I don’t like the way he says my name. It’s too…familiar. “Coke,” I say quickly. When he leaves, Janette leans forward, her eyebrows drawn together. “You always get diet,” she says accusatorily.

“Yeah? Well I’m not quite feeling like myself.”

She makes a little noise in the back of her throat. “No kidding,” she says. I ignore her and try to get a good look around. What were Silas and I doing here? Is it a place we came often? I lick my lips.

“Janette,” I say. “Have I ever told you about this place?”

She looks surprised. “You mean all the times we have heart-to-hearts when we put the lights out at night?”

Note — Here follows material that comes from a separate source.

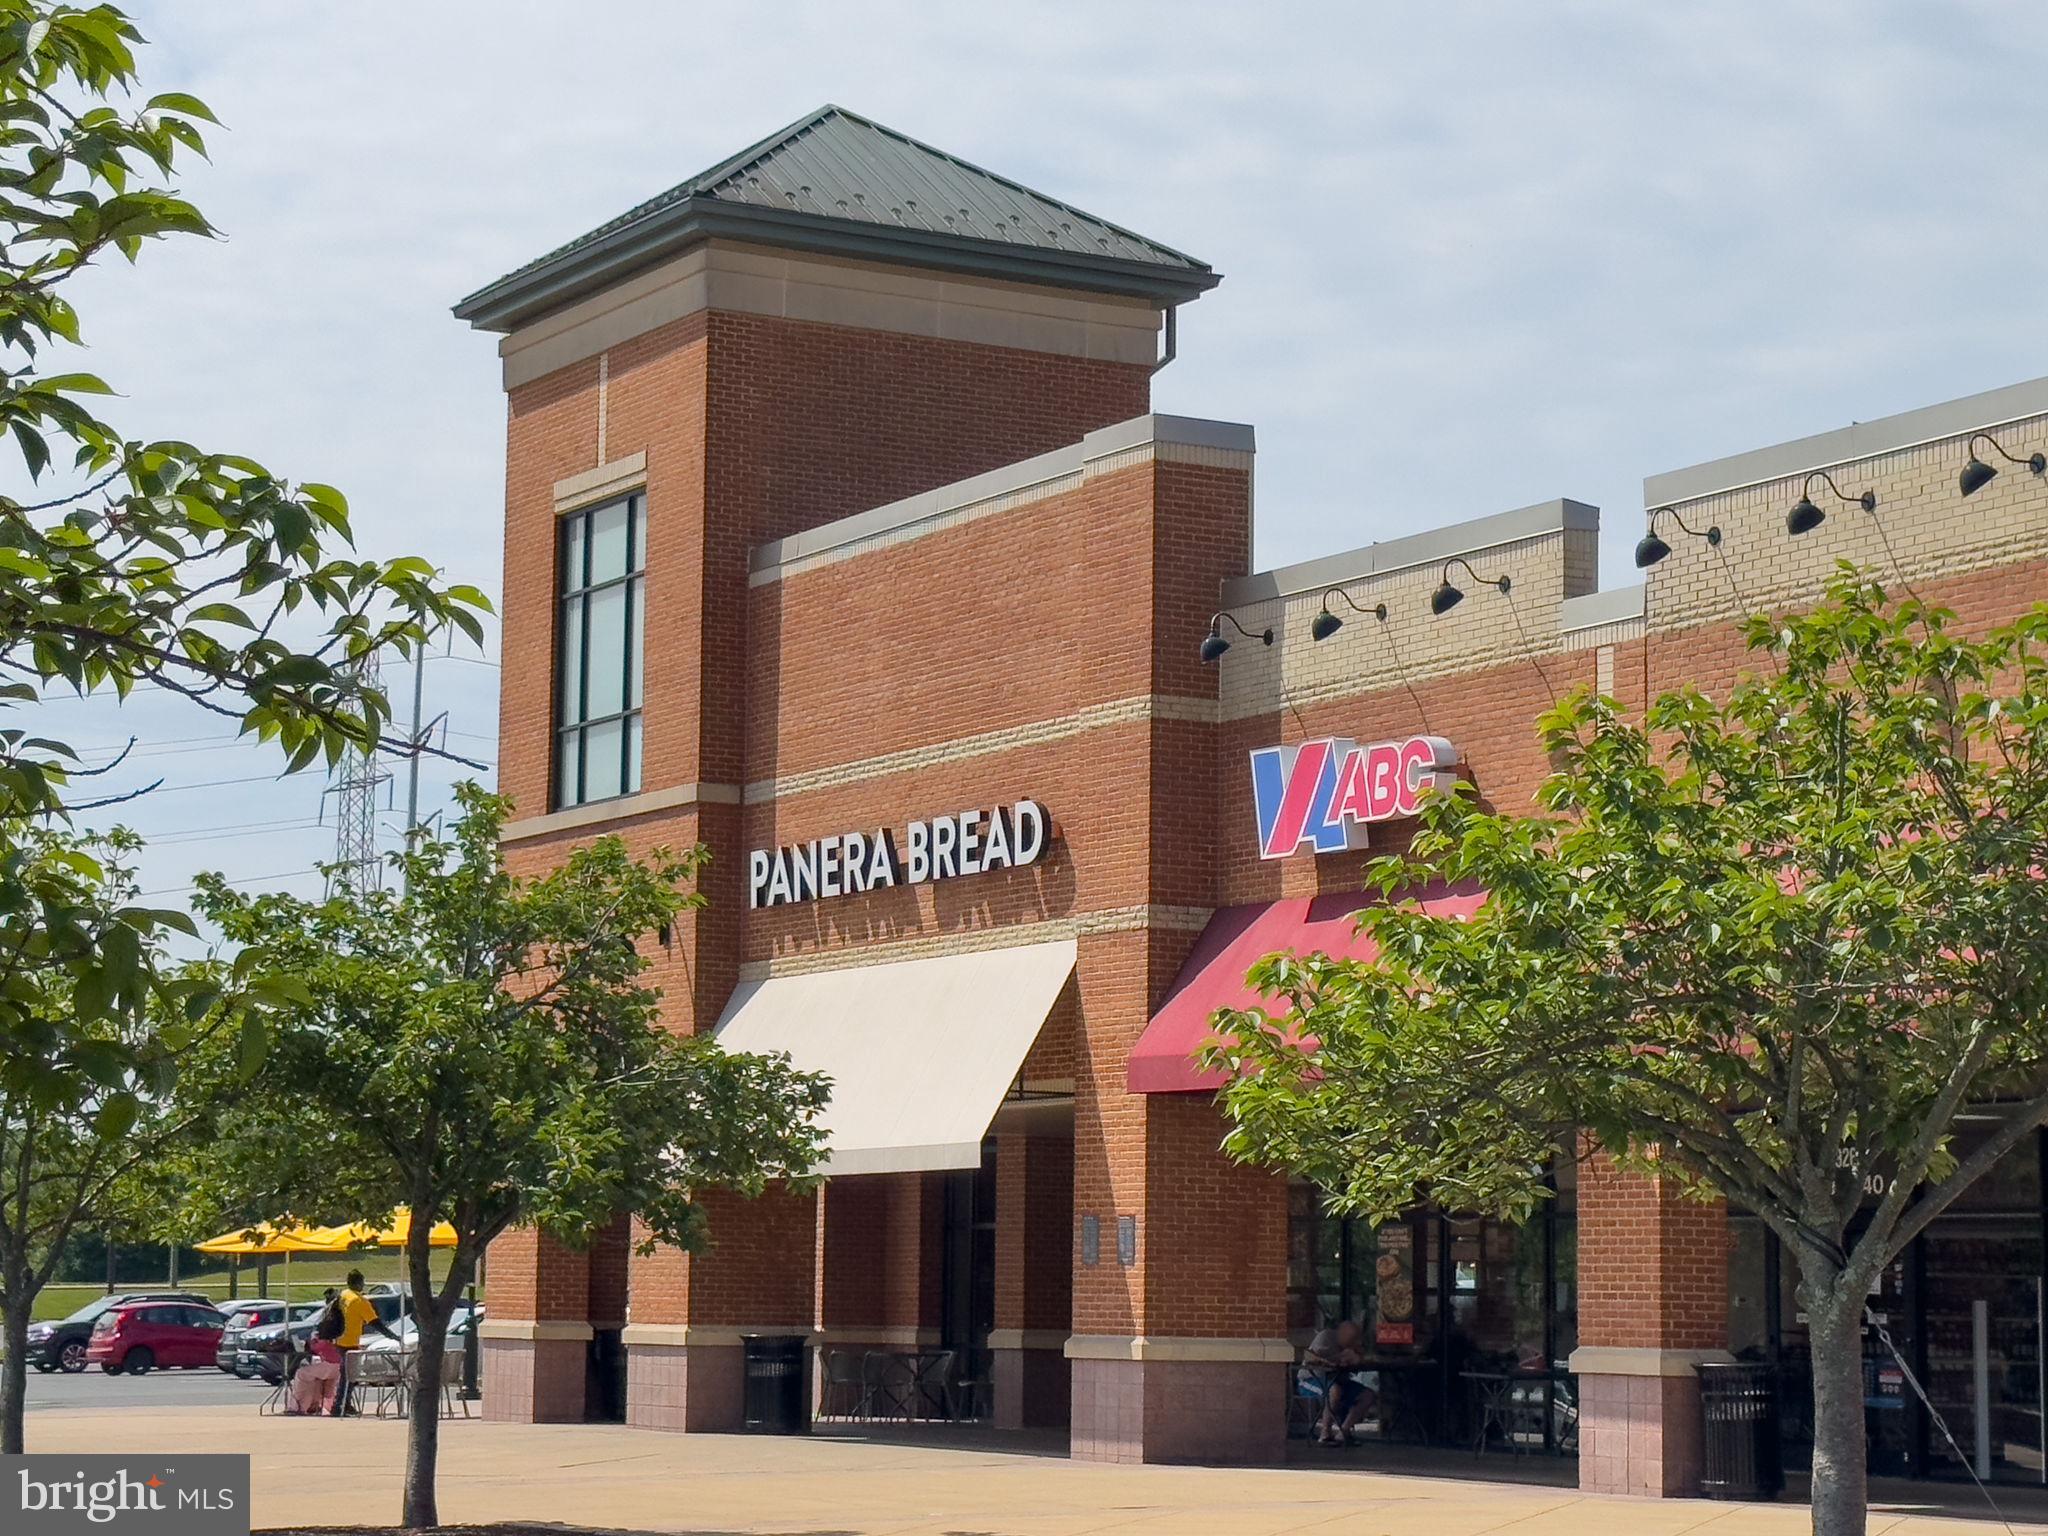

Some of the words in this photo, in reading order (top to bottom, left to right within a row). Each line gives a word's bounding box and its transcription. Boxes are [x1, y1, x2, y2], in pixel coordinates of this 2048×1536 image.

“Okay, okay, I get it. I’m a really crappy sister. Geez. Get over it already. I’m extending the olive branch here.”

Janette scrunches up her nose. “What’s that mean?”

I sigh. “I’m trying to make it up to you. Start fresh.”

Just then the pink t-shirt dude brings us our drinks. He brought Janette a Shirley Temple even though she asked for a diet coke. Her face registers disappointment.

“She wanted a diet coke,” I say.

“She’ll like that,” he says. “When I was a kid…”

“Just get her a diet coke.”

He holds up his hands in surrender. “Sure thing, princess.”

Janette glances at me from under her eyelashes. “Thanks,” she says.